Well, its most likely that what you want to do will be pretty much a difficult task, if not impossible.  Most quartz pocket watches use a small wristwatch movement held in place by a plastic retaining ring. you might be able to fit a smaller mechanical, but then you will have to deal with issues around the winding/setting stem (you most likely won;t find one long enough, even with a stem extender), and its quite likely that the threads on the crown will be wrong. The largest movement you will easily find new today, would be a Unitas 6497/6498, and those run around$175.00. Will it fit? Probably not easily, and you will have real problems with fitting proper case clamps or case screws (those are the bits that secure a moevent into a case, in a pocket watch.) Antique pocket watch movements will be harder to fit, as the way the winding/setting stem is fiited is the exact oppsoite of a modern watch, and your case probably cannot be adapted to a case sleeve and stem. The correct length of stem to porperly engage the keyless works is a tricky bit, even with a proper case.
  What you might be able to better do, is to see if a better quality quartz movemtncan be fitted. A good swiss quartz mopvement should only run about $15.00 or so, and I'll wager that you can find on ethat will fit in quite easily. (watch out for the hand hole sizes, though).

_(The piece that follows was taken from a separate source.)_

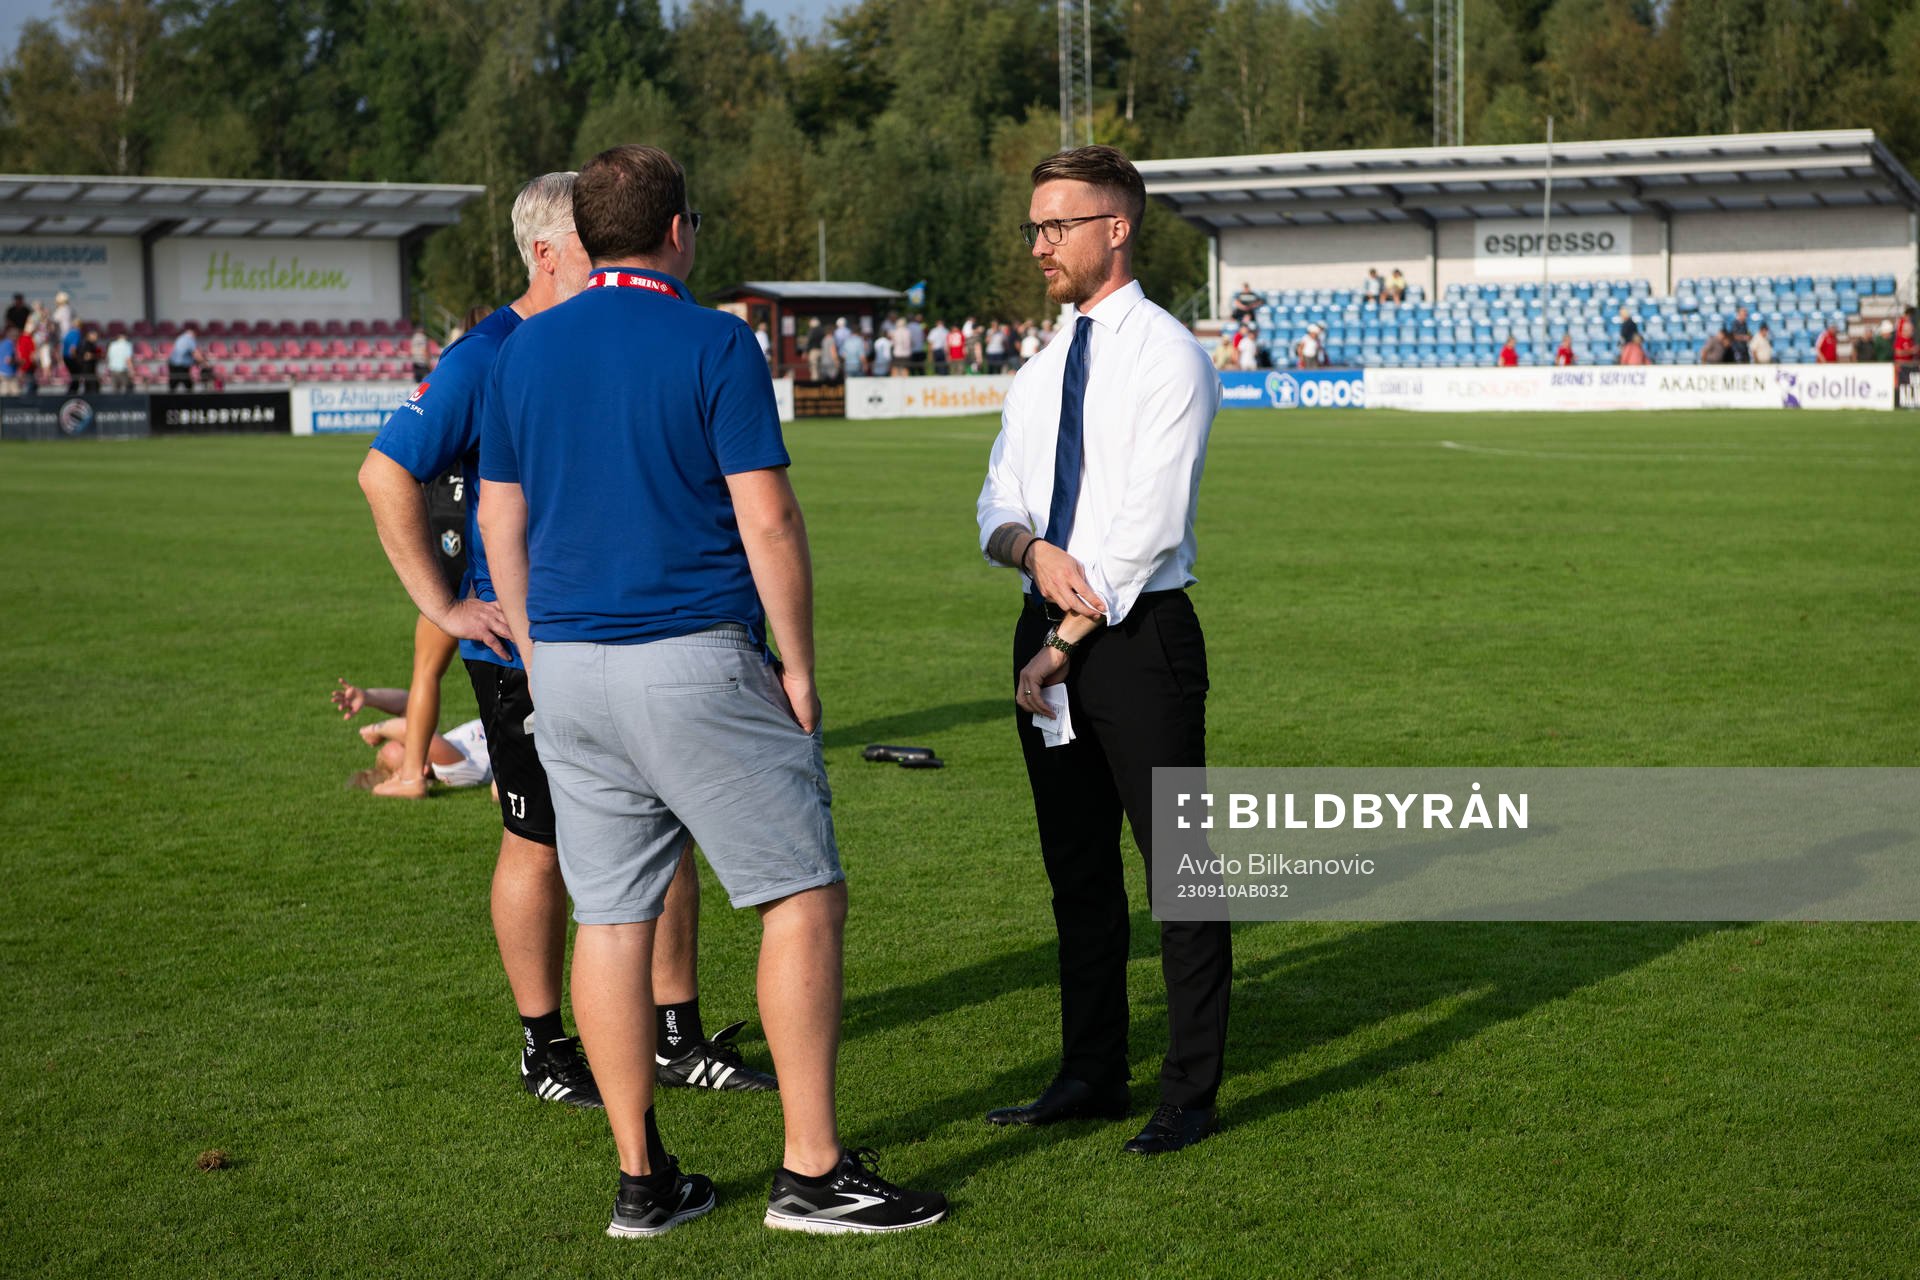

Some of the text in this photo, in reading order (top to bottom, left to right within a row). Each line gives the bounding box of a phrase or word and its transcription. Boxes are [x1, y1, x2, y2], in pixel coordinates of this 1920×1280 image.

  As far as winding a pocket watch, I usually wind mine once a day. Power reserve on a good one should be about 30 hours or so, perhaps as much as 36. A good quartz movement should easily run well over a year one one battery. Cheap quartz movements have a lot of friction, and very poor tolerances, so they tend to burn through batteries pretty quickly.
  I have a modern Bulova with an ETA quartz movement, and its going on over two years since the lastt battery change.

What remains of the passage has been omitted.